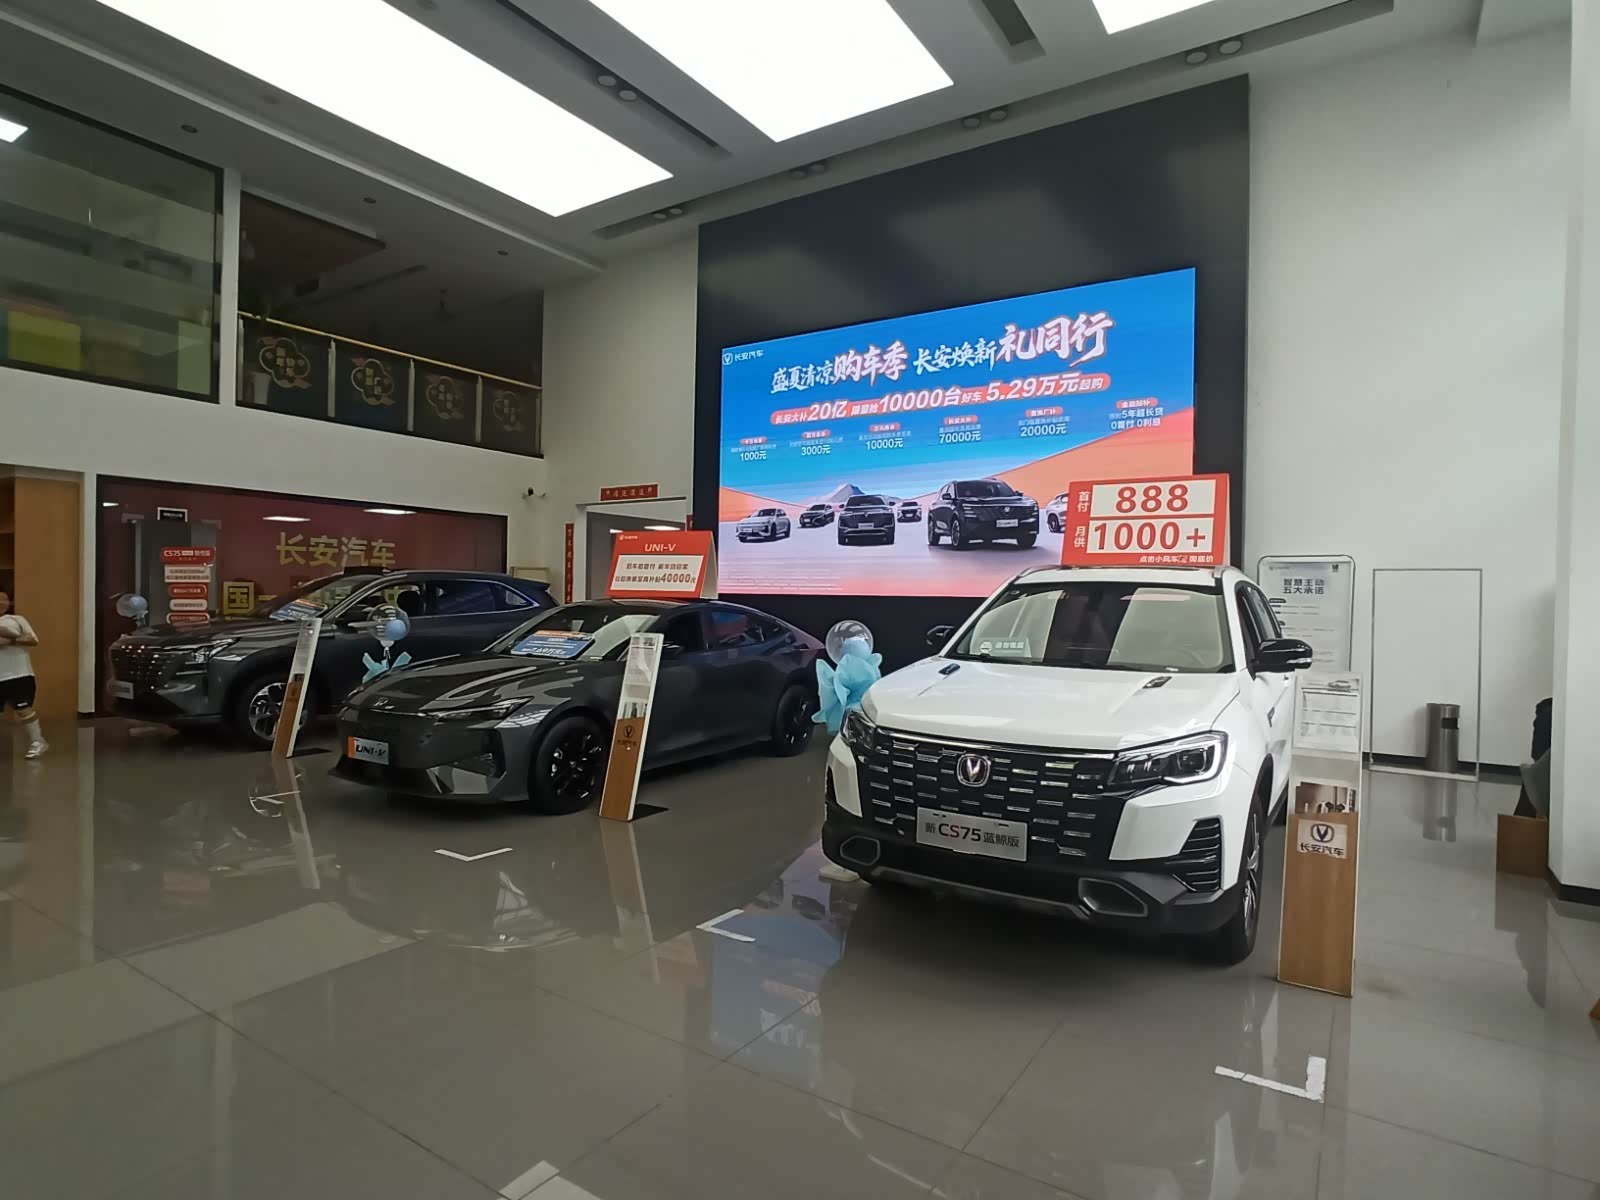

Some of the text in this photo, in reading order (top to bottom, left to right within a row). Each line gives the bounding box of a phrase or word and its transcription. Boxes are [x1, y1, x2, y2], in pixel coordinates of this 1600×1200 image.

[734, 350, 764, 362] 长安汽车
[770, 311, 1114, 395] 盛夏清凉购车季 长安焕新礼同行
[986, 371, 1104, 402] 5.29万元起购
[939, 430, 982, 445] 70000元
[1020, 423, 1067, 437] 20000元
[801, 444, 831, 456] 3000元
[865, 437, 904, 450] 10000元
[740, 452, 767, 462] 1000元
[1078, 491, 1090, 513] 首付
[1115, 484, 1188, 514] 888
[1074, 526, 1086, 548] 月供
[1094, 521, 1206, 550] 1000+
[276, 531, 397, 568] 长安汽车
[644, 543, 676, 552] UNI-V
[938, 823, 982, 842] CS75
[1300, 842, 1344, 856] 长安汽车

■ ■ ■ ■ ■ ■ ■

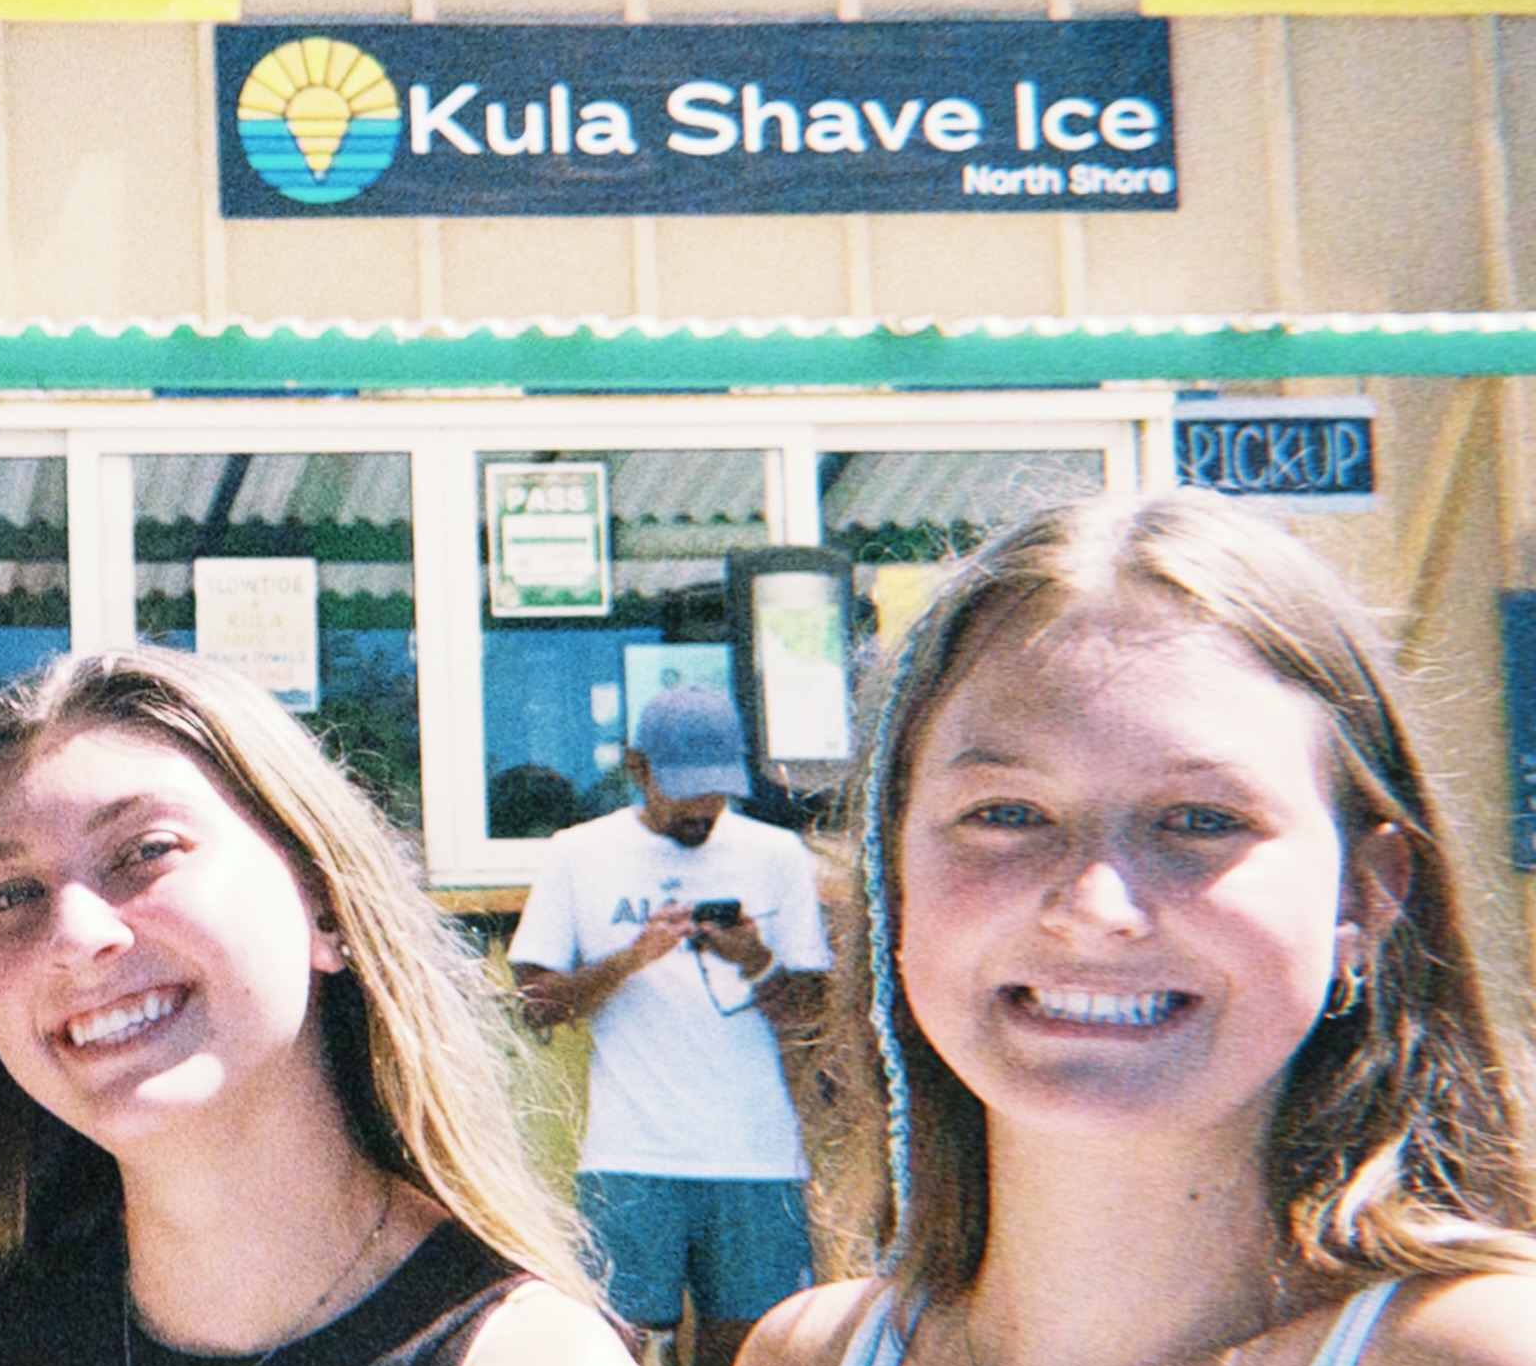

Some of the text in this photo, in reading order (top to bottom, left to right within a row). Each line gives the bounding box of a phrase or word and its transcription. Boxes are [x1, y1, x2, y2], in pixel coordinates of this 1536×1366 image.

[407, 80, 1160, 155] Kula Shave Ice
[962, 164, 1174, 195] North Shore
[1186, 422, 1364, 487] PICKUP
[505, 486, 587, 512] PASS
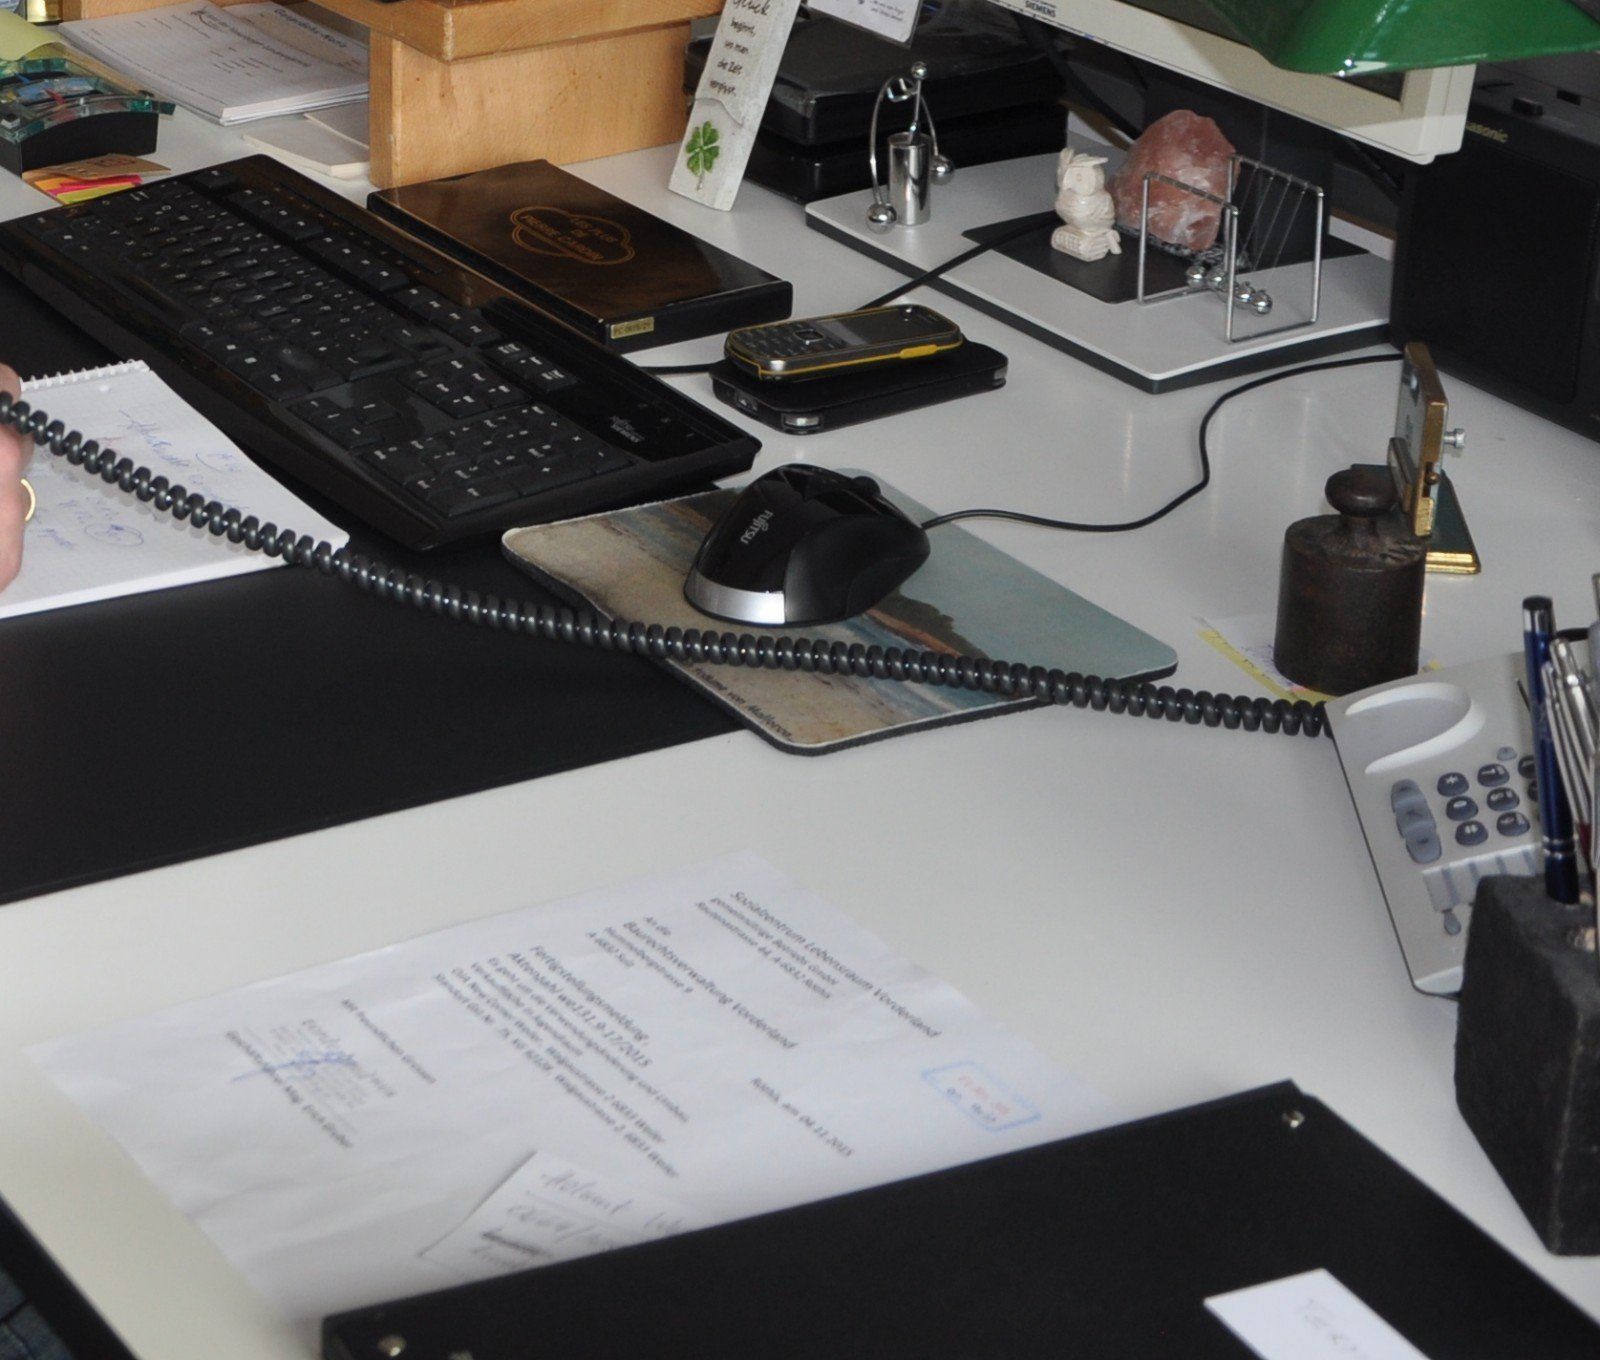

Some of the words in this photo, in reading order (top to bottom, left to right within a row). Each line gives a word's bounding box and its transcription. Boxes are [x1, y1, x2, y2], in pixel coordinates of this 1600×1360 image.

■ ■ ■ ■ ■ ■ ■

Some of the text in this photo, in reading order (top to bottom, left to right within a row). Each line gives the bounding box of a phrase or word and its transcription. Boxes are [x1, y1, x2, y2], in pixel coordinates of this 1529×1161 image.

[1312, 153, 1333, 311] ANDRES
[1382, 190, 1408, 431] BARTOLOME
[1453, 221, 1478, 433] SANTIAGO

■ ■ ■ ■ ■ ■ ■

▶ [WORK ITEM]:
Each line from the one that contains "this 1536×1366 image." down to the one that contains "Some of the words" is to be returned exactly as it stands above, both ends included, with pictures removed.

▶ [RESPONSE AREA]:
Some of the text in this photo, in reading order (top to bottom, left to right within a row). Each line gives the bounding box of a phrase or word and its transcription. Boxes are [x1, y1, x2, y2], in pixel coordinates of this 1536×1366 image.

[407, 80, 1160, 155] Kula Shave Ice
[962, 164, 1174, 195] North Shore
[1186, 422, 1364, 487] PICKUP
[505, 486, 587, 512] PASS

Some of the words in this photo, in reading order (top to bottom, left to right within a row). Each line gives a word's bounding box and its transcription. Boxes are [x1, y1, x2, y2], in pixel coordinates of this 1600×1360 image.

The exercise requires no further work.